What this task involves: Please reproduce the records below exactly, omitting any pictures they contain.

┌──

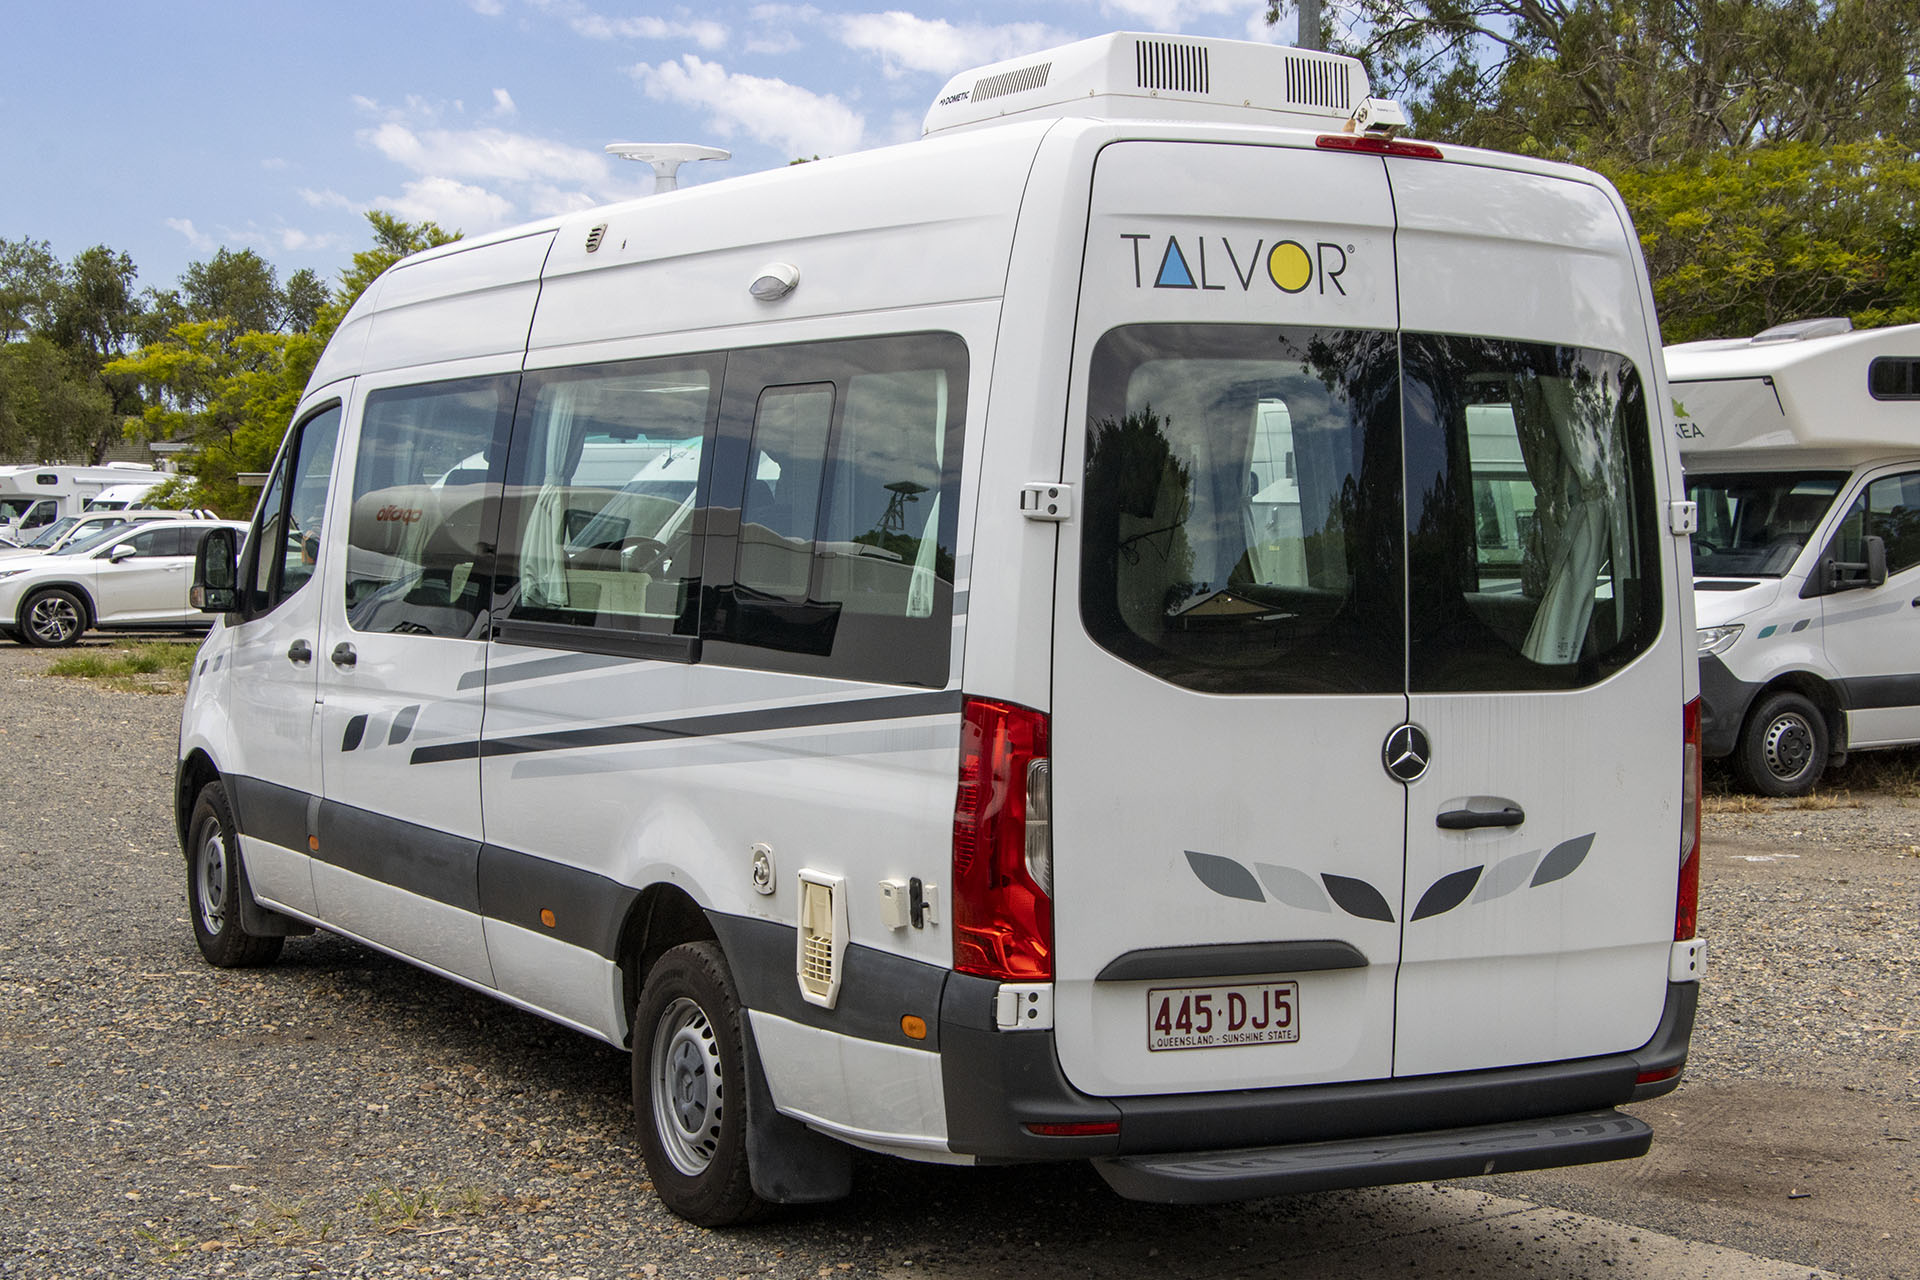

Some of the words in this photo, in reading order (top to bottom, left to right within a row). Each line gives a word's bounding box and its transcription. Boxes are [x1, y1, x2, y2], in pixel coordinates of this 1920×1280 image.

[1156, 1035, 1214, 1048] QUEENSLAND
[1222, 1031, 1264, 1044] SUNSHINE
[1267, 1029, 1292, 1041] STATE
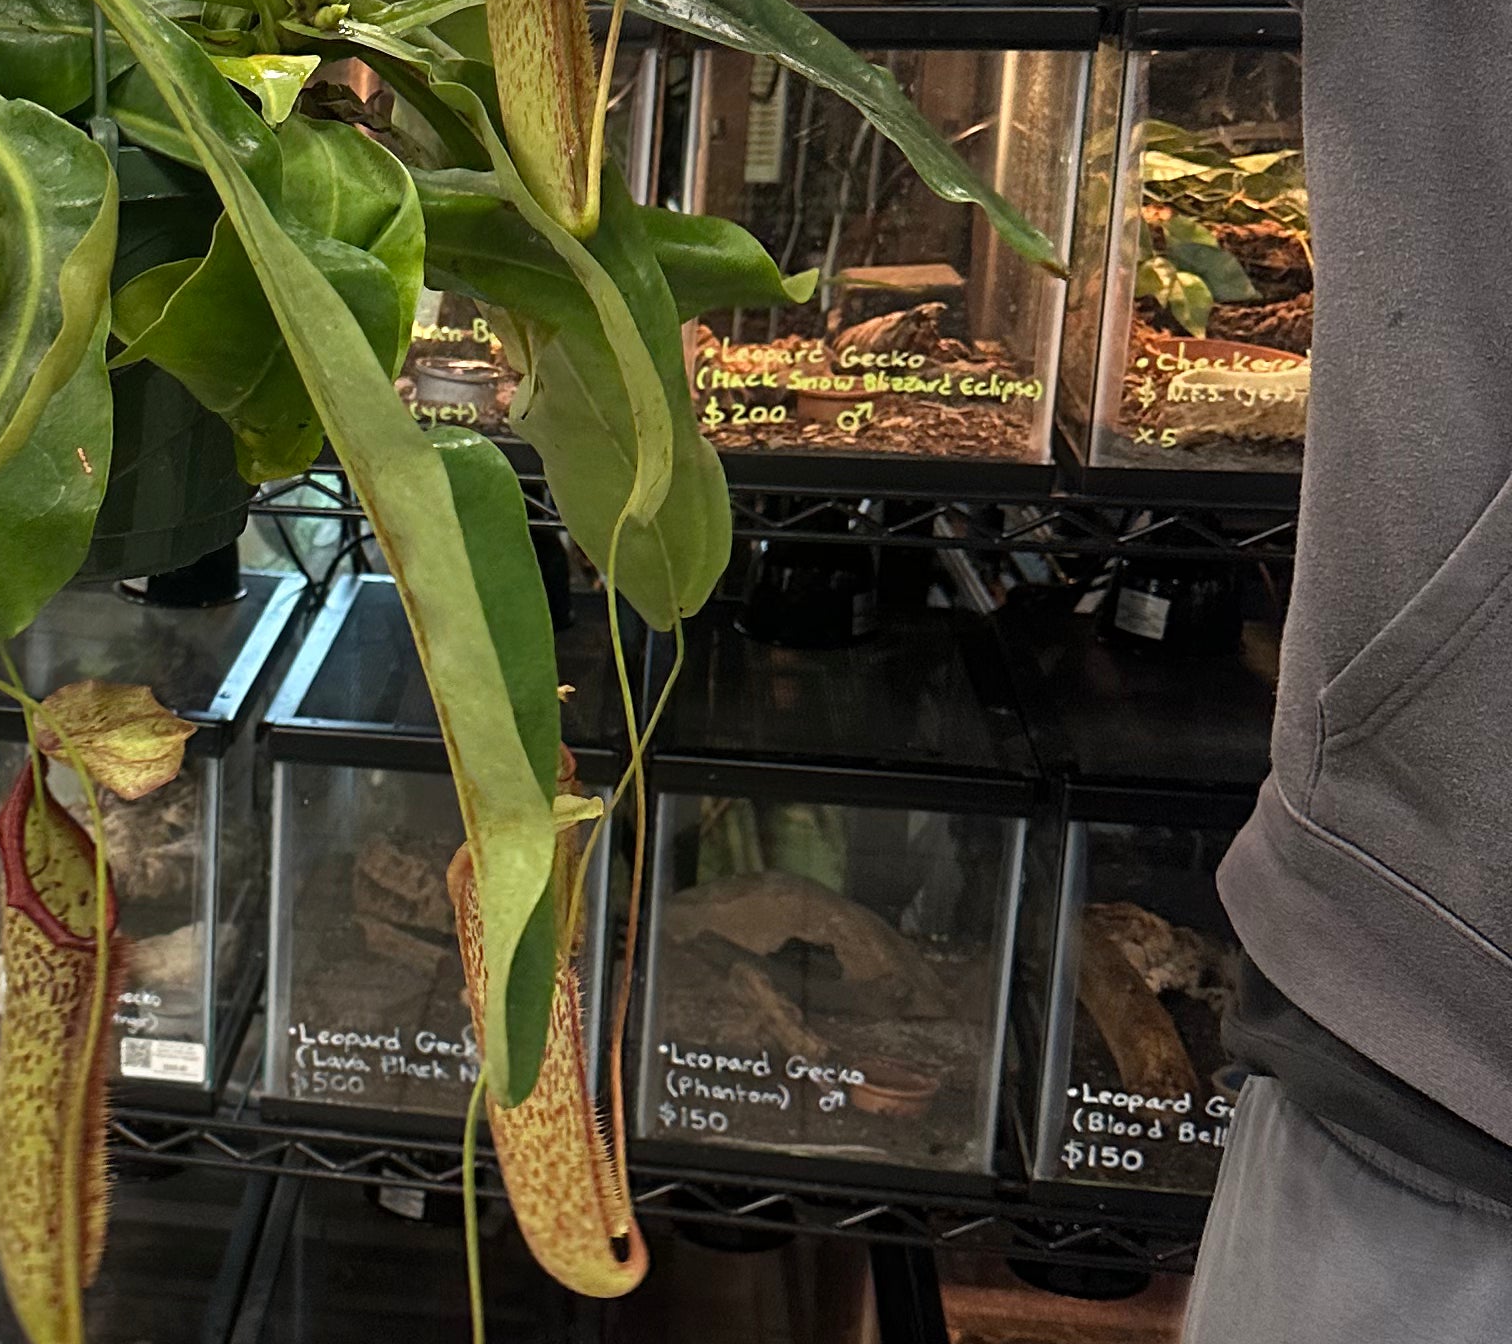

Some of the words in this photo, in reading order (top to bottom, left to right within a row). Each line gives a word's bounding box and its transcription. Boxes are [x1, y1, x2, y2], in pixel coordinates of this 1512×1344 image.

[722, 336, 826, 365] Leopard
[840, 344, 926, 369] Gecko
[1156, 341, 1312, 373] Checkere
[696, 370, 779, 391] (Mack
[788, 372, 855, 392] Snow
[862, 373, 953, 395] Blizzard
[959, 374, 1044, 402] Eclipse)
[409, 401, 478, 429] (yet)
[701, 396, 787, 430] $200
[298, 1021, 402, 1054] Leopard
[295, 1044, 372, 1074] (Lava
[671, 1041, 773, 1078] Leopard
[785, 1054, 867, 1086] Gecko
[290, 1069, 365, 1098] $500
[665, 1068, 792, 1111] (Phantom)
[1082, 1082, 1192, 1115] Leopard
[658, 1099, 729, 1134] $150
[1072, 1106, 1164, 1141] (Blood
[1061, 1137, 1145, 1174] $150
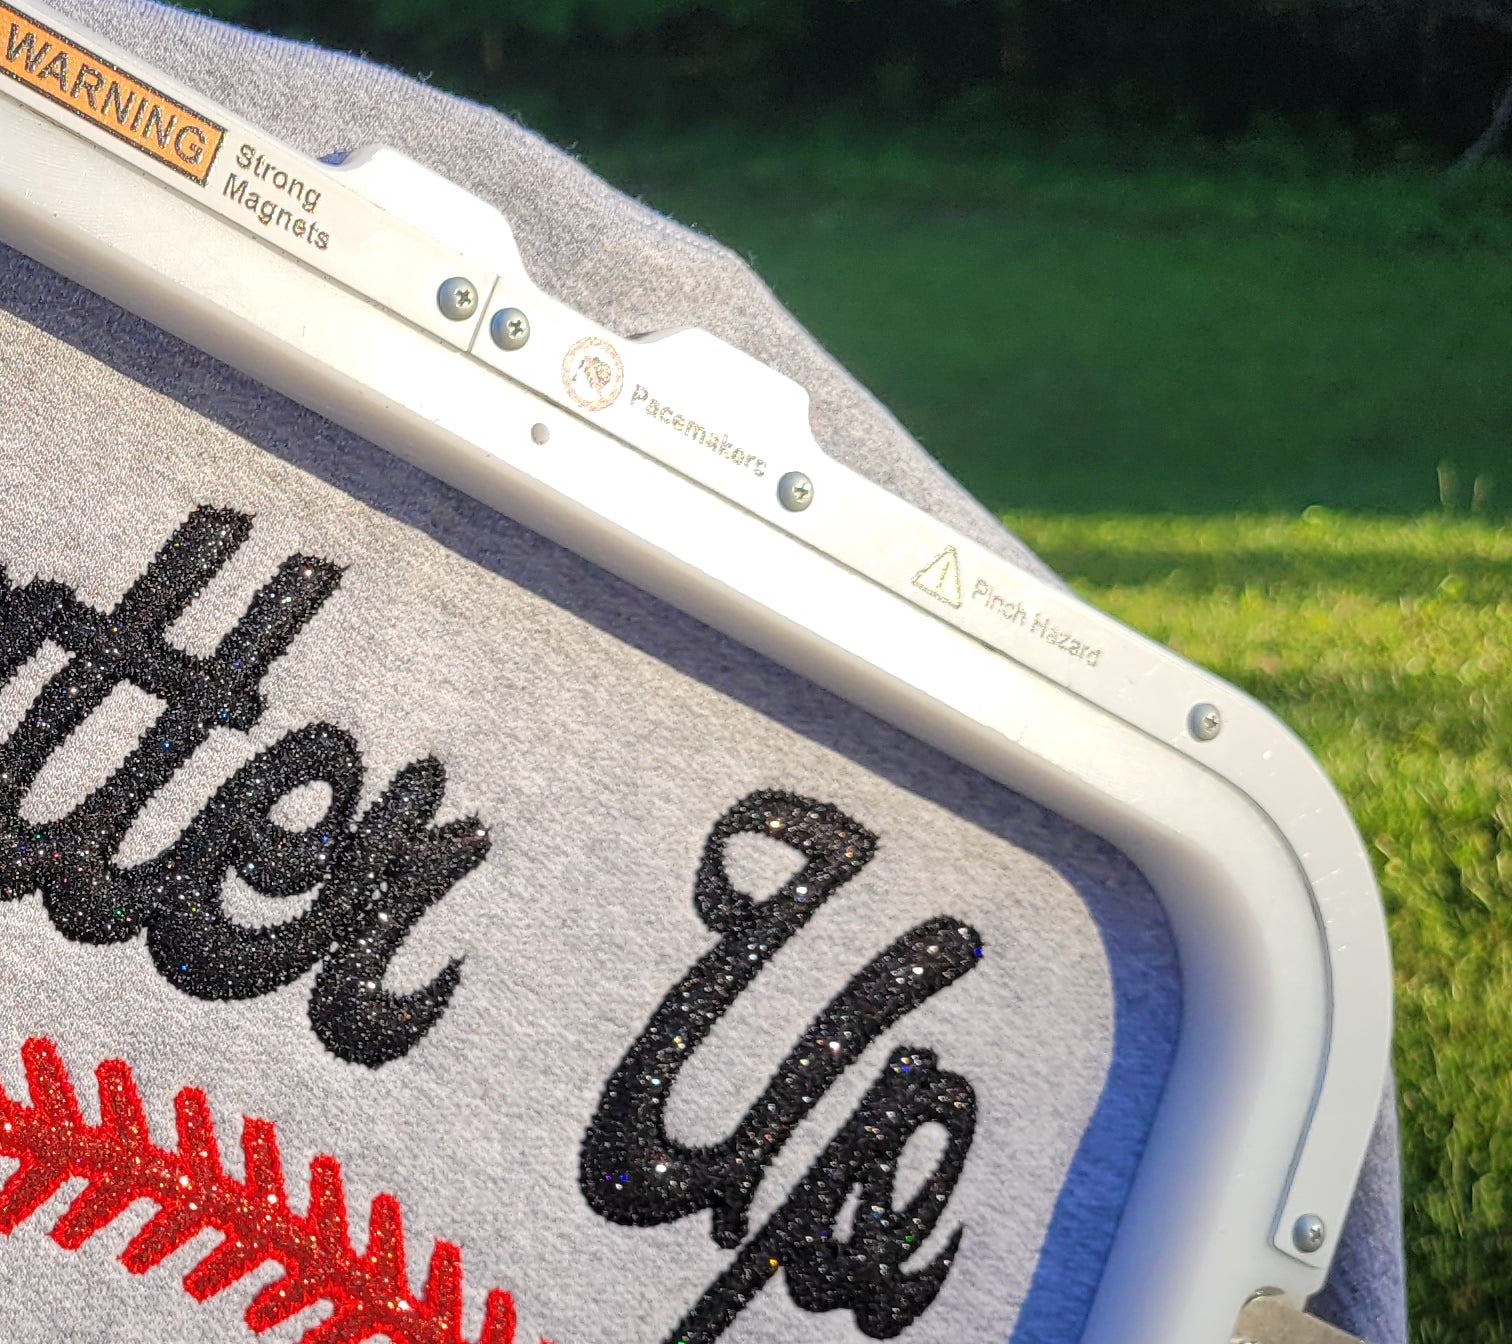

└──

Written solution:
Some of the words in this photo, in reading order (top to bottom, left to right within a row). Each line gives a word's bounding box and its transcription. Boxes are [x1, y1, x2, y2], in pixel coordinates of this 1920×1280 image.

[1156, 1035, 1214, 1048] QUEENSLAND
[1222, 1031, 1264, 1044] SUNSHINE
[1267, 1029, 1292, 1041] STATE

Some of the words in this photo, in reading order (top to bottom, left to right within a row). Each line gives a word's bounding box and its transcription. Boxes are [x1, y1, x2, y2], in pixel coordinates of this 1512×1344 image.

[722, 336, 826, 365] Leopard
[840, 344, 926, 369] Gecko
[1156, 341, 1312, 373] Checkere
[696, 370, 779, 391] (Mack
[788, 372, 855, 392] Snow
[862, 373, 953, 395] Blizzard
[959, 374, 1044, 402] Eclipse)
[409, 401, 478, 429] (yet)
[701, 396, 787, 430] $200
[298, 1021, 402, 1054] Leopard
[295, 1044, 372, 1074] (Lava
[671, 1041, 773, 1078] Leopard
[785, 1054, 867, 1086] Gecko
[290, 1069, 365, 1098] $500
[665, 1068, 792, 1111] (Phantom)
[1082, 1082, 1192, 1115] Leopard
[658, 1099, 729, 1134] $150
[1072, 1106, 1164, 1141] (Blood
[1061, 1137, 1145, 1174] $150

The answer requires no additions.